- [Exercise requirements] Omitting the pictures, print every line below exactly as it stands.

(Annotated photo localization data)
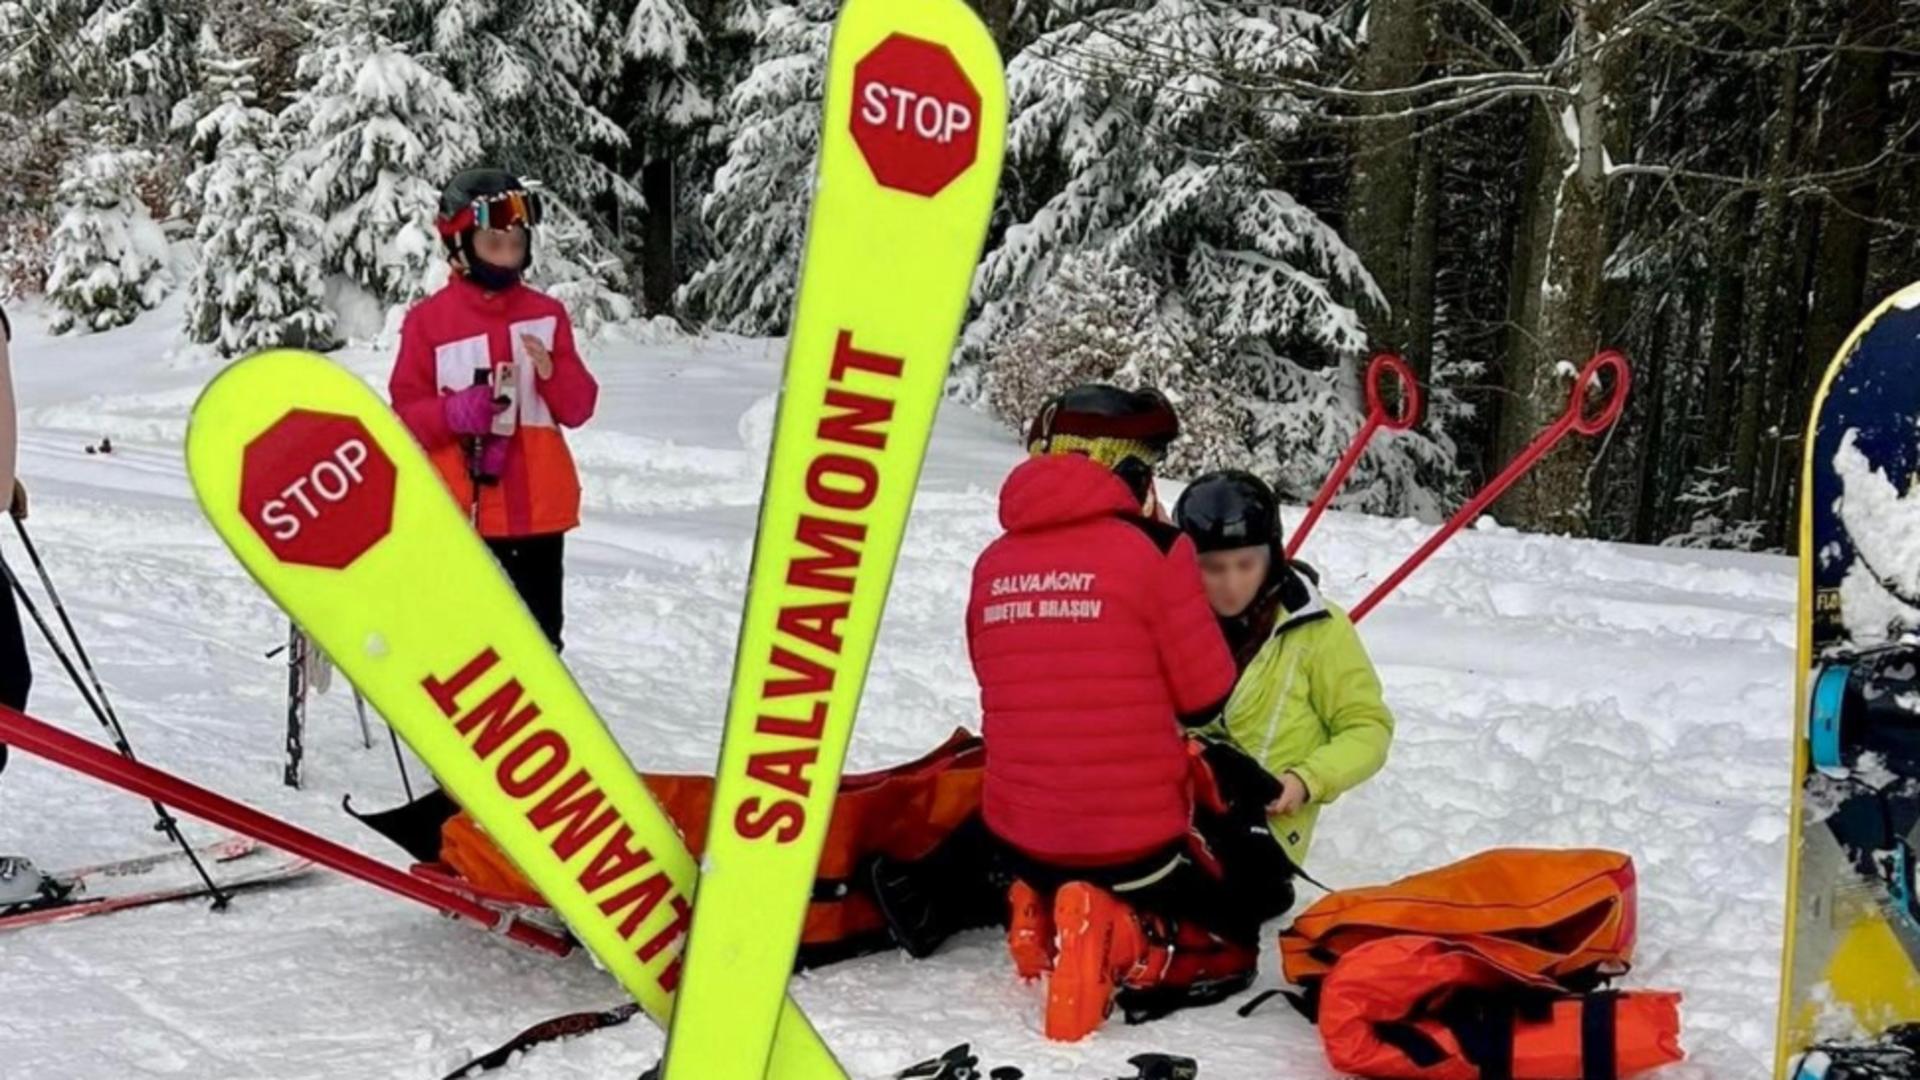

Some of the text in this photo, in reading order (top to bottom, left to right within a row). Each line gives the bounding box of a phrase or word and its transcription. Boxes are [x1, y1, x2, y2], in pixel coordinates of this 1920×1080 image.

[861, 82, 972, 143] STOP
[261, 438, 369, 541] STOP
[734, 329, 905, 844] SALVAMONT
[991, 570, 1095, 596] SALVAMONT
[421, 647, 692, 994] LVAMONT

- [Exercise answer]
Some of the text in this photo, in reading order (top to bottom, left to right within a row). Each line gives the bounding box of a phrase or word and its transcription. Boxes are [x1, y1, x2, y2], in pixel coordinates of this 1920×1080 image.

[861, 82, 972, 143] STOP
[261, 438, 369, 541] STOP
[734, 329, 905, 844] SALVAMONT
[991, 570, 1095, 596] SALVAMONT
[421, 647, 692, 994] LVAMONT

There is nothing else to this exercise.